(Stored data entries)
________________________

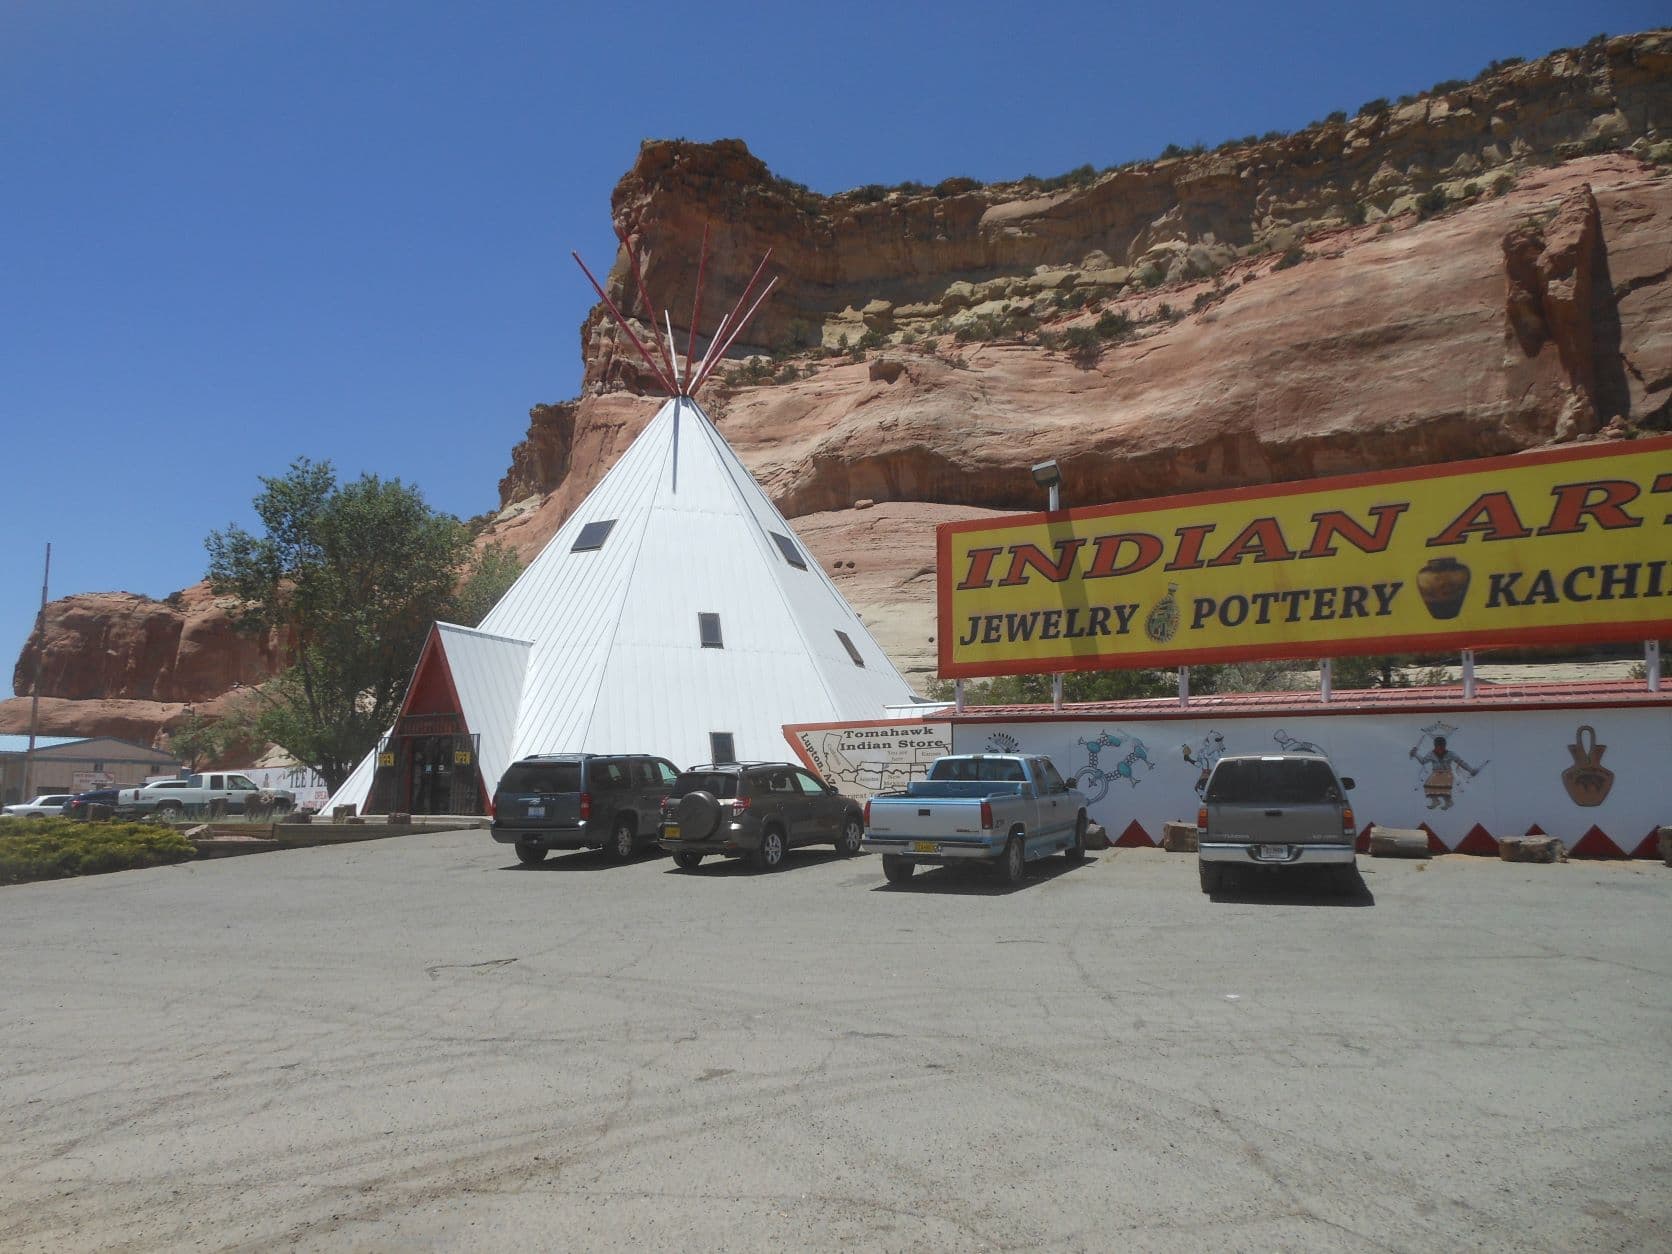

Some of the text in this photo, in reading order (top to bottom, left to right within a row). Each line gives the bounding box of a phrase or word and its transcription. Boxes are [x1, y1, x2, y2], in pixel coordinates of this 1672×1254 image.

[956, 502, 1410, 591] INDIAN
[959, 560, 1672, 646] JEWELRY POTTERY KACHI
[801, 732, 824, 773] Lupton,
[840, 739, 945, 751] Indian Store
[843, 726, 934, 738] Tomahawk
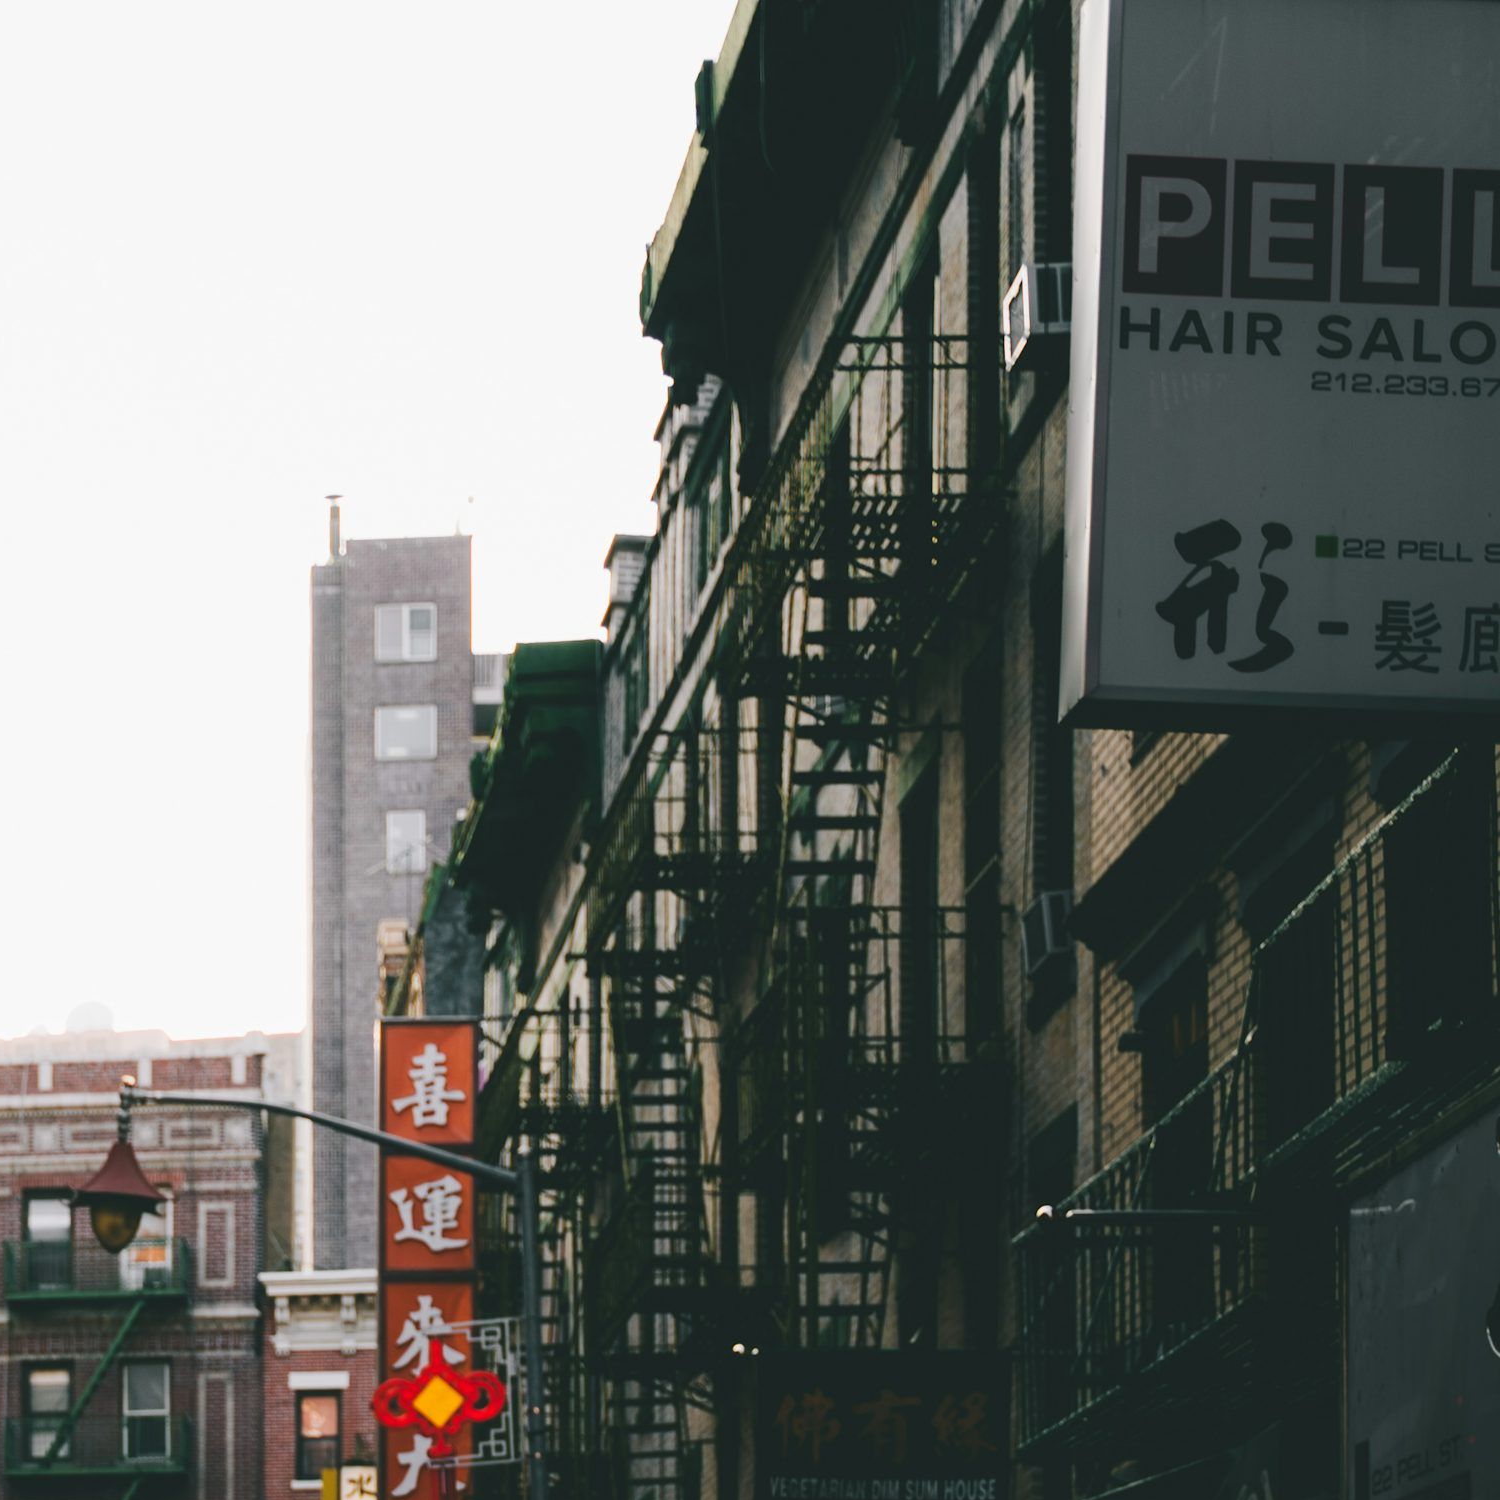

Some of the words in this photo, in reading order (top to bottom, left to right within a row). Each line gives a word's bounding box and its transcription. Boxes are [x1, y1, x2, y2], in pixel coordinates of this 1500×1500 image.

________________________

» **Try it**
Reproduce the lines above letter for letter. The pictures stay behind.

» **Problem solution**
Some of the text in this photo, in reading order (top to bottom, left to right within a row). Each line gives the bounding box of a phrase or word and its transcription. Boxes are [x1, y1, x2, y2], in pixel coordinates of this 1672×1254 image.

[956, 502, 1410, 591] INDIAN
[959, 560, 1672, 646] JEWELRY POTTERY KACHI
[801, 732, 824, 773] Lupton,
[840, 739, 945, 751] Indian Store
[843, 726, 934, 738] Tomahawk

Some of the words in this photo, in reading order (top to bottom, left to right within a row). Each line gives a word's bounding box and its transcription. Boxes are [x1, y1, x2, y2], in pixel coordinates of this 1500×1500 image.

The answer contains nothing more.